### Action item
Output each record below exactly. No images go in the copy.

### Dataset entries

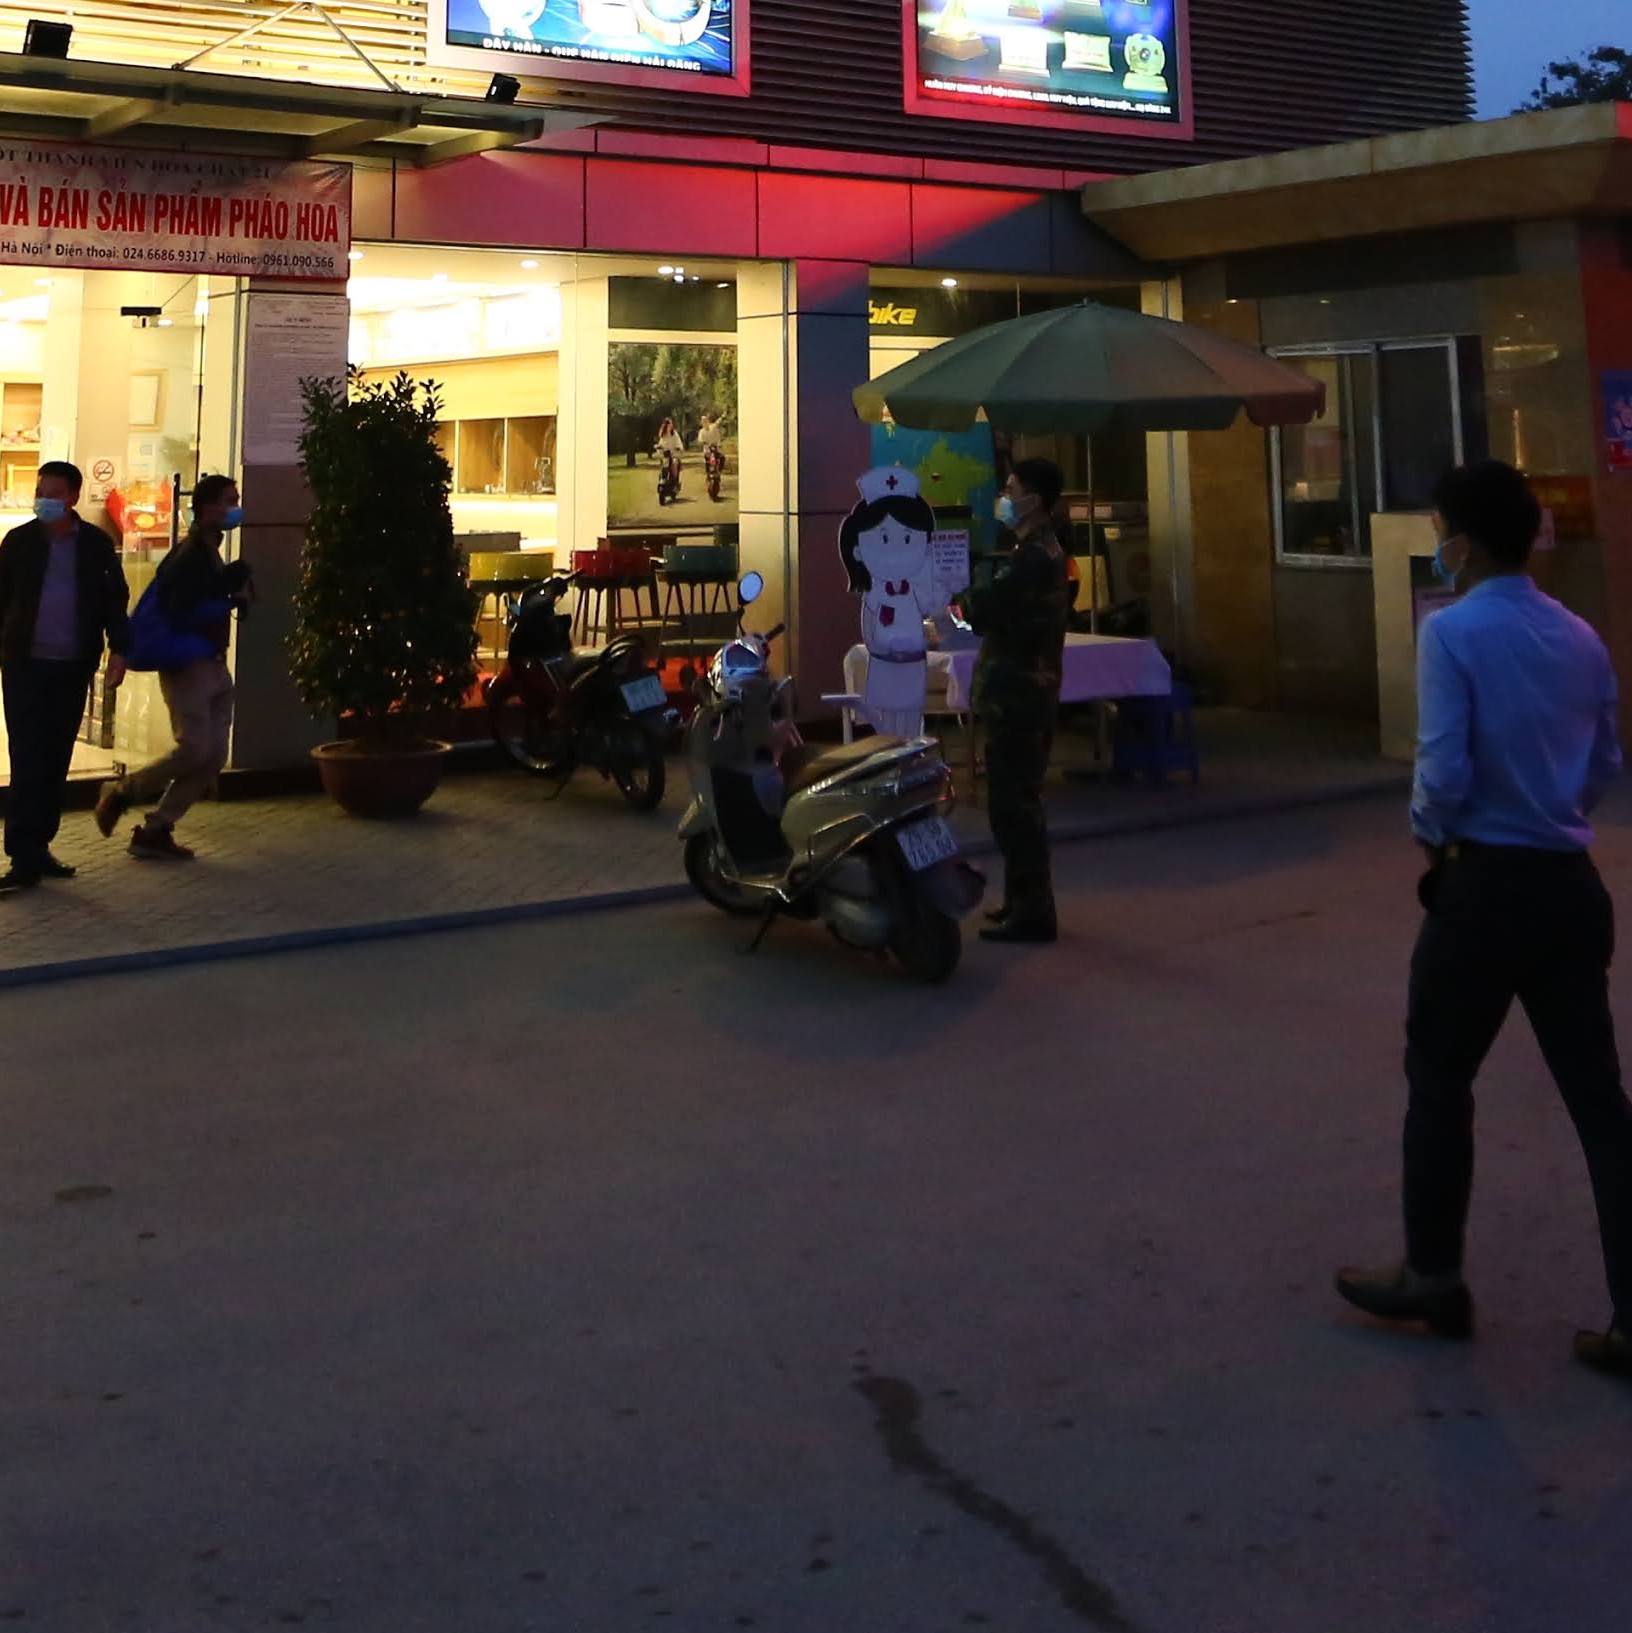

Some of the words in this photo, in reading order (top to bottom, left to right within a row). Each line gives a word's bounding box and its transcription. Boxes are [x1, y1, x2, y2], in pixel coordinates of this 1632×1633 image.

[37, 176, 90, 230] BÁN
[96, 176, 147, 234] SẢN
[153, 179, 224, 238] PHẨM
[228, 192, 290, 241] PHÁO
[296, 202, 339, 244] HOA
[1, 240, 18, 255] Hà
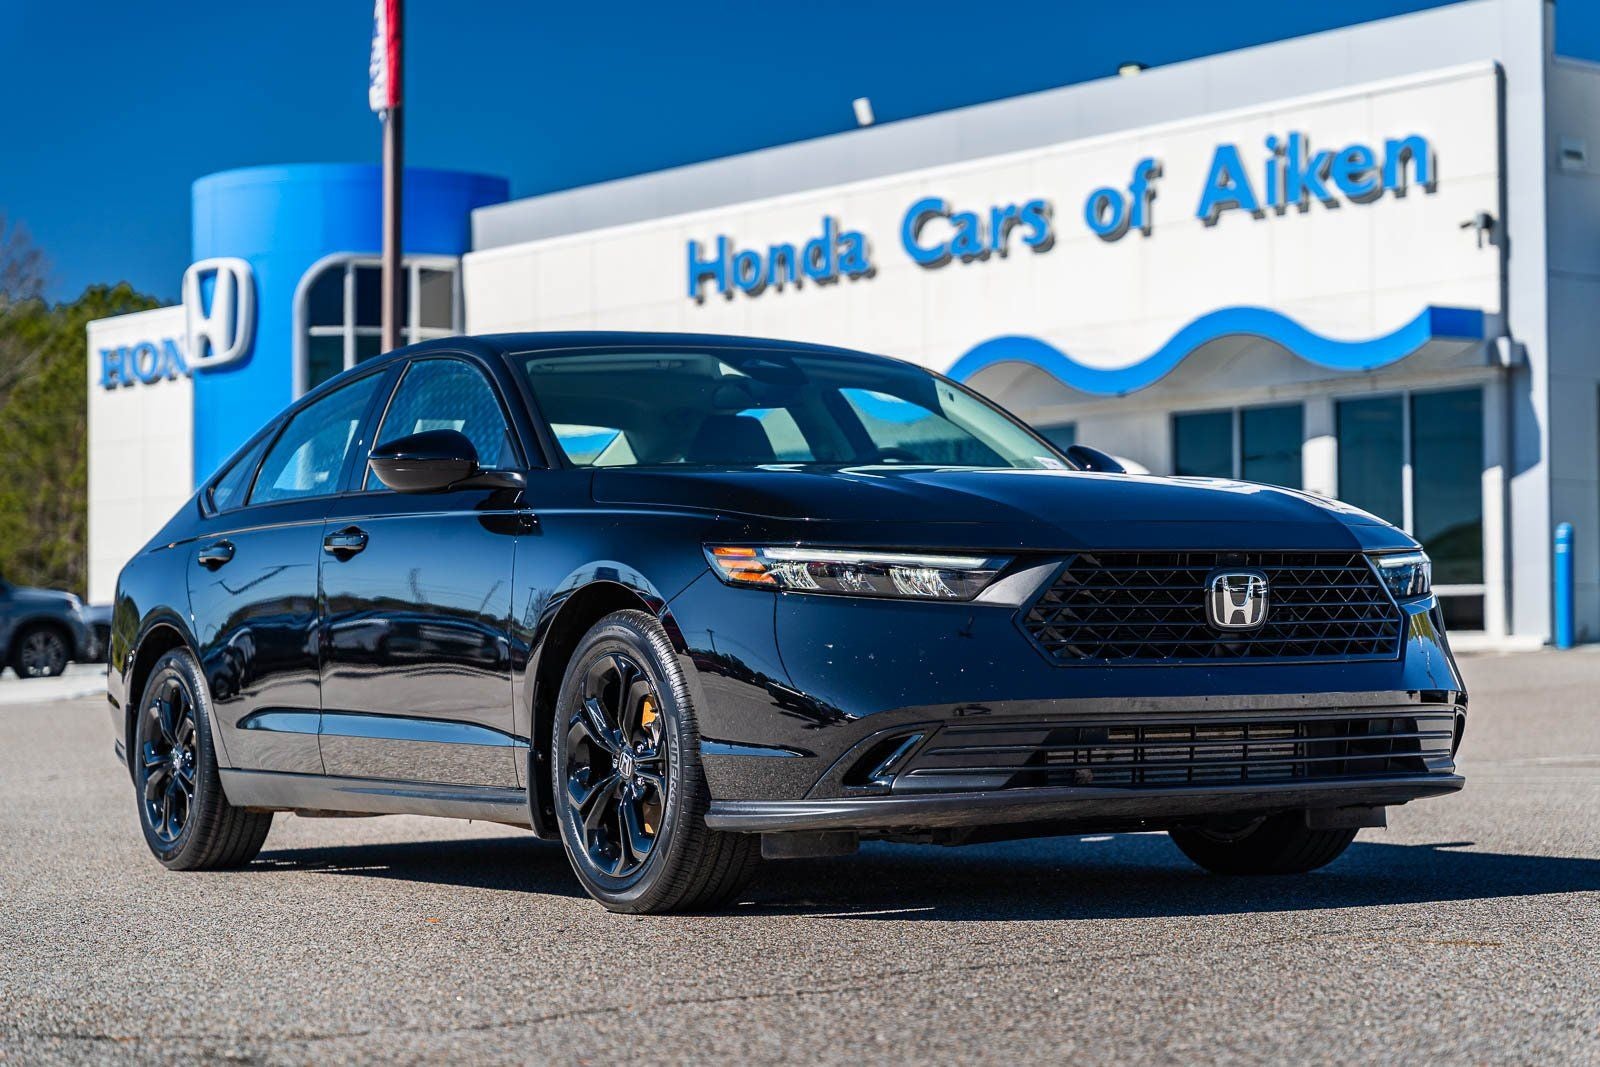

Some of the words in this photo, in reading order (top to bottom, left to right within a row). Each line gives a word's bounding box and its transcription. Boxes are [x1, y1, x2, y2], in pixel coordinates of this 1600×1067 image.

### Expected answer
Some of the words in this photo, in reading order (top to bottom, left to right within a row). Each line gives a word's bounding box and its transcription. Boxes are [x1, y1, x2, y2], in pixel coordinates of this 1632×1633 image.

[37, 176, 90, 230] BÁN
[96, 176, 147, 234] SẢN
[153, 179, 224, 238] PHẨM
[228, 192, 290, 241] PHÁO
[296, 202, 339, 244] HOA
[1, 240, 18, 255] Hà

Some of the words in this photo, in reading order (top to bottom, left to right within a row). Each line gives a word's bounding box and its transcription. Boxes are [x1, y1, x2, y2], in pixel coordinates of this 1600×1067 image.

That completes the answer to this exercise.